Referring expression grounding data
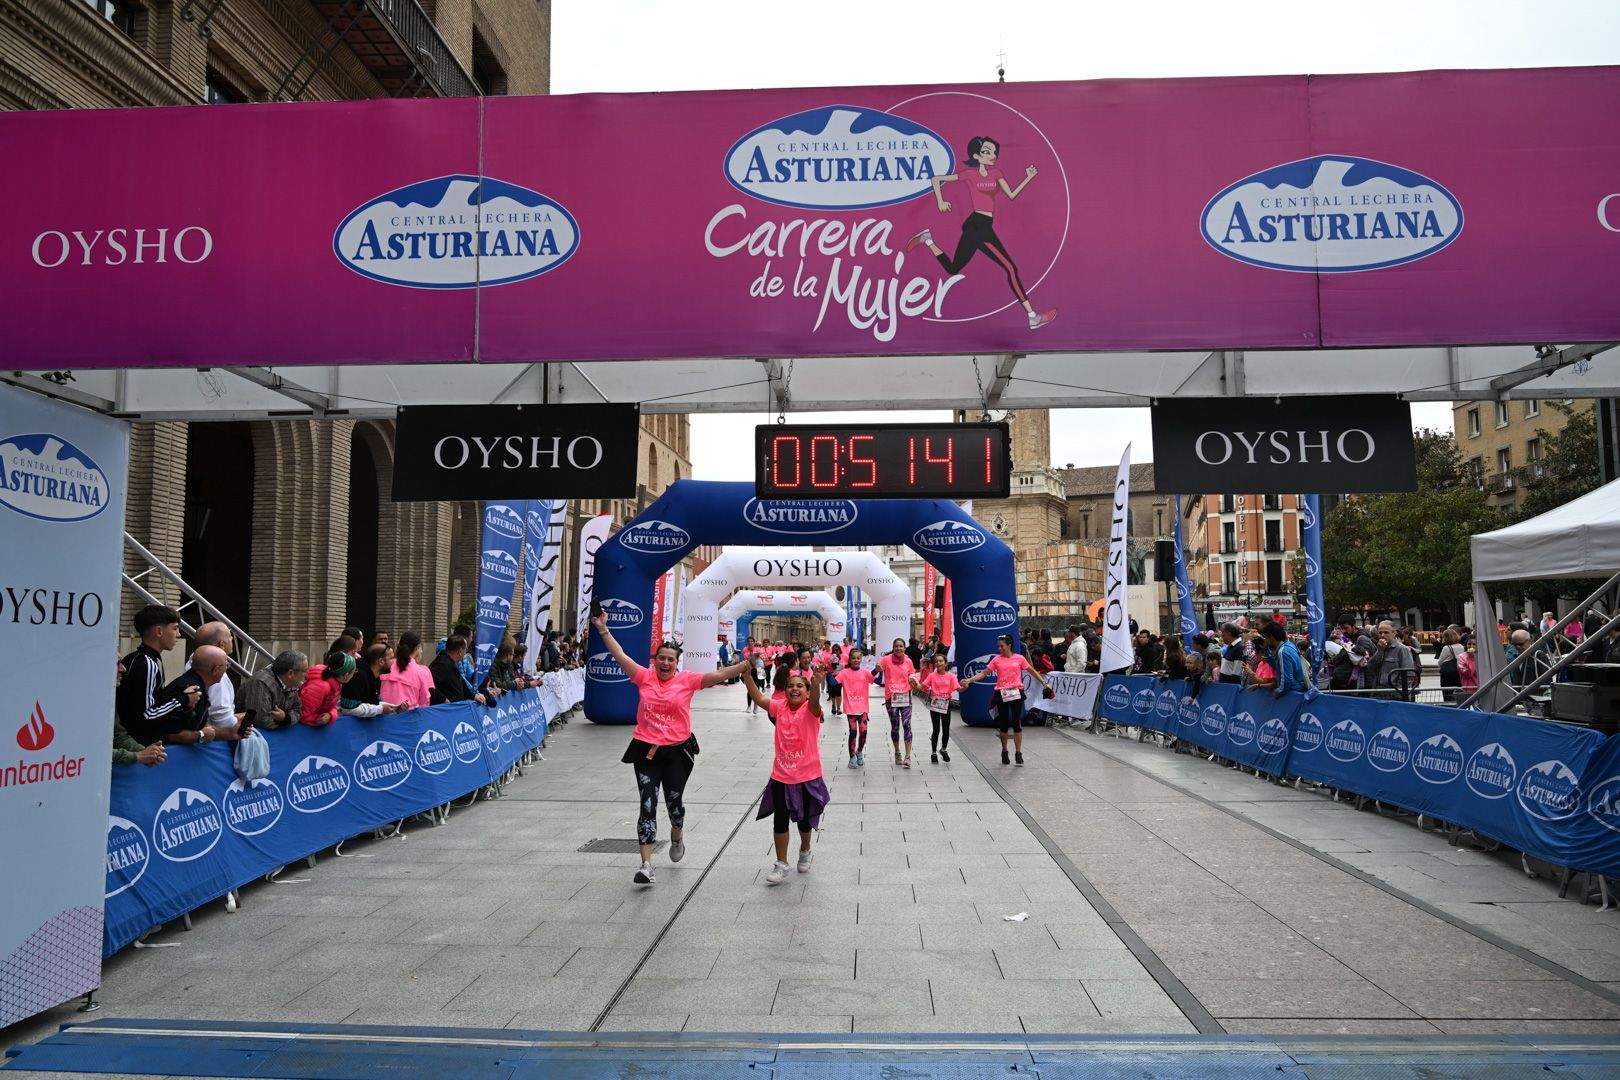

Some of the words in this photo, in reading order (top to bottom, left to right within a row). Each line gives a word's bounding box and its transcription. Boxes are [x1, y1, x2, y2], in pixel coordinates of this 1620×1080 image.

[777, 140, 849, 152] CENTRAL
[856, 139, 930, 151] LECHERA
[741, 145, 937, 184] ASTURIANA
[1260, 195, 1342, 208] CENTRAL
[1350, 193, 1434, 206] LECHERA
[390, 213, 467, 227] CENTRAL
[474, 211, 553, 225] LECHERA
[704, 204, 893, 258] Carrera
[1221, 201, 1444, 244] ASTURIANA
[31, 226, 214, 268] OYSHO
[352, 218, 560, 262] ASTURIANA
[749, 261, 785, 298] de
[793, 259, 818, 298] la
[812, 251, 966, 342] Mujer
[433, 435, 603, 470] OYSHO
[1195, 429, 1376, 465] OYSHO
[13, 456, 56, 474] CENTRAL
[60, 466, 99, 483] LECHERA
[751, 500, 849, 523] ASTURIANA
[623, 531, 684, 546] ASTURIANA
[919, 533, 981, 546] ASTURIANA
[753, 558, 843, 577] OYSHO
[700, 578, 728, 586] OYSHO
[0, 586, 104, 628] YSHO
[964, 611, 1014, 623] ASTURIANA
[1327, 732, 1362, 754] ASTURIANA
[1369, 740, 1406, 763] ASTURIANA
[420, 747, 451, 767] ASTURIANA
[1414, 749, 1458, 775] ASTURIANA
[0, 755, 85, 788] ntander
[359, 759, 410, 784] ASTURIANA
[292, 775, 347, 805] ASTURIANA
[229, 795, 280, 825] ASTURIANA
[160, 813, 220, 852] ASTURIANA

_Exercise_. Skipping the pictures, transcribe each line above exactly as it appears.

_Response area_.
Some of the words in this photo, in reading order (top to bottom, left to right within a row). Each line gives a word's bounding box and its transcription. Boxes are [x1, y1, x2, y2], in pixel coordinates of this 1620×1080 image.

[777, 140, 849, 152] CENTRAL
[856, 139, 930, 151] LECHERA
[741, 145, 937, 184] ASTURIANA
[1260, 195, 1342, 208] CENTRAL
[1350, 193, 1434, 206] LECHERA
[390, 213, 467, 227] CENTRAL
[474, 211, 553, 225] LECHERA
[704, 204, 893, 258] Carrera
[1221, 201, 1444, 244] ASTURIANA
[31, 226, 214, 268] OYSHO
[352, 218, 560, 262] ASTURIANA
[749, 261, 785, 298] de
[793, 259, 818, 298] la
[812, 251, 966, 342] Mujer
[433, 435, 603, 470] OYSHO
[1195, 429, 1376, 465] OYSHO
[13, 456, 56, 474] CENTRAL
[60, 466, 99, 483] LECHERA
[751, 500, 849, 523] ASTURIANA
[623, 531, 684, 546] ASTURIANA
[919, 533, 981, 546] ASTURIANA
[753, 558, 843, 577] OYSHO
[700, 578, 728, 586] OYSHO
[0, 586, 104, 628] YSHO
[964, 611, 1014, 623] ASTURIANA
[1327, 732, 1362, 754] ASTURIANA
[1369, 740, 1406, 763] ASTURIANA
[420, 747, 451, 767] ASTURIANA
[1414, 749, 1458, 775] ASTURIANA
[0, 755, 85, 788] ntander
[359, 759, 410, 784] ASTURIANA
[292, 775, 347, 805] ASTURIANA
[229, 795, 280, 825] ASTURIANA
[160, 813, 220, 852] ASTURIANA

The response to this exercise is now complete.